Will you go where your own logic leads?

Or will you insist that your reasoning can only be validated where it agrees with the bible?

If the latter...so much for your pretense of objectivity.
How the sculpture makes you feel is impossible for us to access publicly.
Not true.  If the man is heterosexual and the sculpture is of a scantily clad sexualized woman, a penile plethysmograph would detect what's going on in his mind, even if not perfectly.   Suppose you know a local man was convicted of child rape and went to prison and was released.  You see him on the sidewalk, staring at your kids for no earthly reason.  Your inability to be positively certain what his thoughts are, wouldn't slow you down from being confident that your suspicions about what's going on in his mind are likely correct, and reacting accordingly. 

Again, many people react physically to nightmares when sleeping.  Pretty easy to tell what they were thinking even if not perfectly so.  Mental events are not always private.  You lose.
You would have to tell us. We cannot determine this from a physical examination of your brain unless you tell us what you are feeling.

See above.
THEREFORE: Mental Properties Are NOT Physical Properties
The physical brain is something different than the immaterial mind. They are different because one possesses privately held knowledge (the mind) and the other (the brain) does not.
That doesn't follow.  you also cannot see the atoms responsible for exerting force on a piston in an engine as the result of a gasoline explosion, but you hardly conclude that the exerted force and the responsible atoms are different from each other.  
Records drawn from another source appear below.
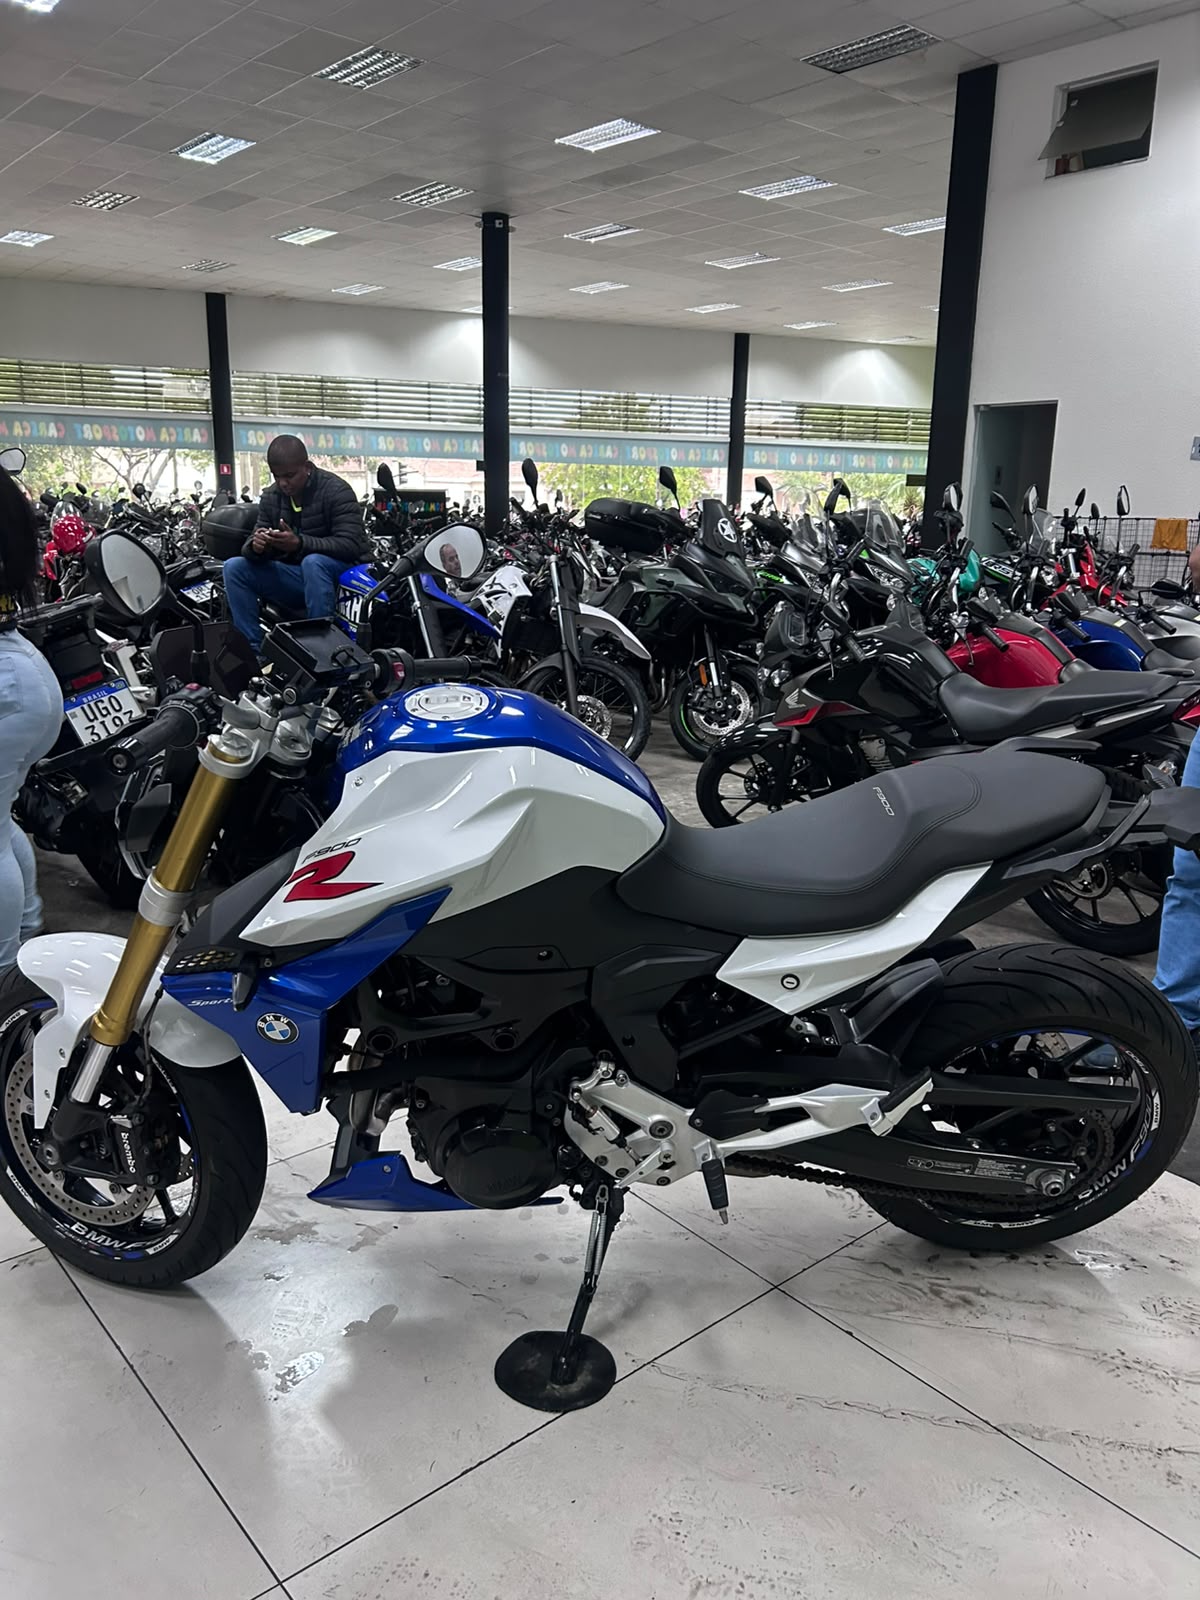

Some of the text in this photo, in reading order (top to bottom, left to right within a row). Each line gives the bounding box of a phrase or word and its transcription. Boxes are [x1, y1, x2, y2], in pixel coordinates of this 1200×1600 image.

[82, 690, 108, 703] BRASIL
[872, 786, 895, 816] F900
[302, 837, 363, 865] F900
[257, 1014, 289, 1029] BMW
[121, 1132, 136, 1174] brembo
[70, 1221, 126, 1250] BMW
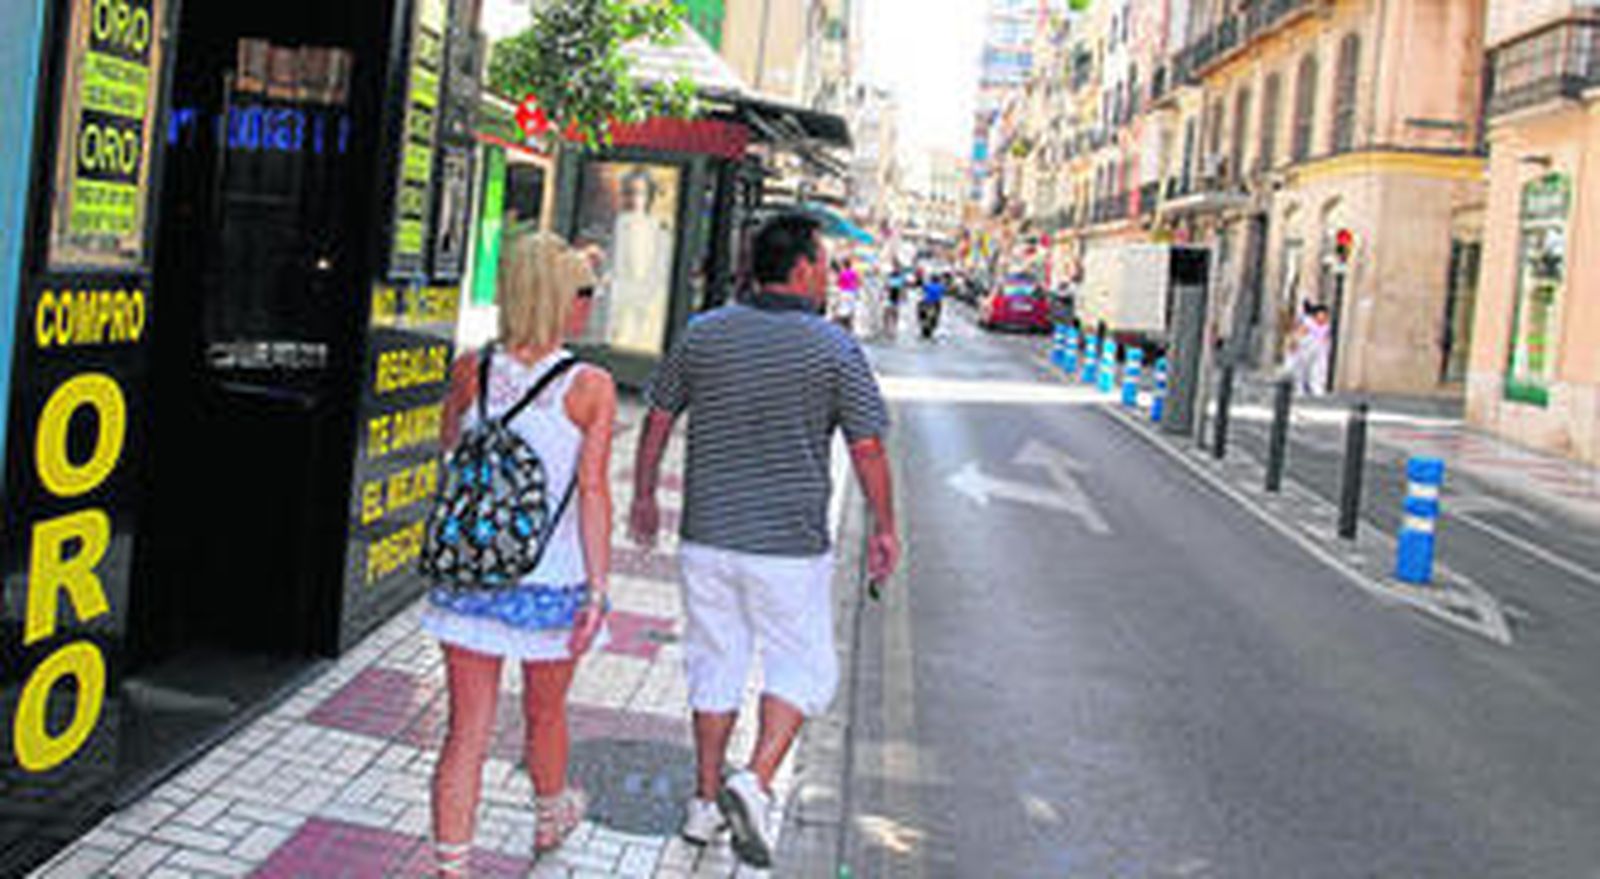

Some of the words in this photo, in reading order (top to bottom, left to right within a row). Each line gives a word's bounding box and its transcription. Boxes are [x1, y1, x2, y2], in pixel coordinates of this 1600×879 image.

[93, 0, 150, 50] ORO
[80, 123, 138, 174] ORO
[35, 290, 146, 346] COMPRO
[367, 413, 390, 457] TE
[361, 480, 384, 525] EL
[14, 371, 128, 771] ORO
Or gee, I don't know...maybe you'll argue that the force that drives the piston down comes from the spiritual dimension and only uses the exploding gas as an interface by which to enter the physical realm?  How different is that from the trifling stupidity that says our thoughts originate with our soul/spirit in another dimension and only come into the physical world through the portal of the brain?
Difference Two: “I” Versus “My Body”
(The First Person Argument)
Like Everyone, I Only Use First Person Possessive Pronouns to Indicate Possession of Something Other Than “Me”
I use expressions like, “This is my toothbrush,” or “This is my mom,” because I am describing someone or something other than me.
Like Everyone, I Commonly Use First Person Possessive Pronouns When Describing My Body
I also find myself using expressions like, “This is my body,” or “This is my hand” when describing my physical body or some portion of my body.
A theory that, if true, would wreak havoc on the justice system.  Apparently, when the intruder said "this is my gun", he was describing someone or something other than himself, hence, his testimony, captured on home video, is inadmissible.  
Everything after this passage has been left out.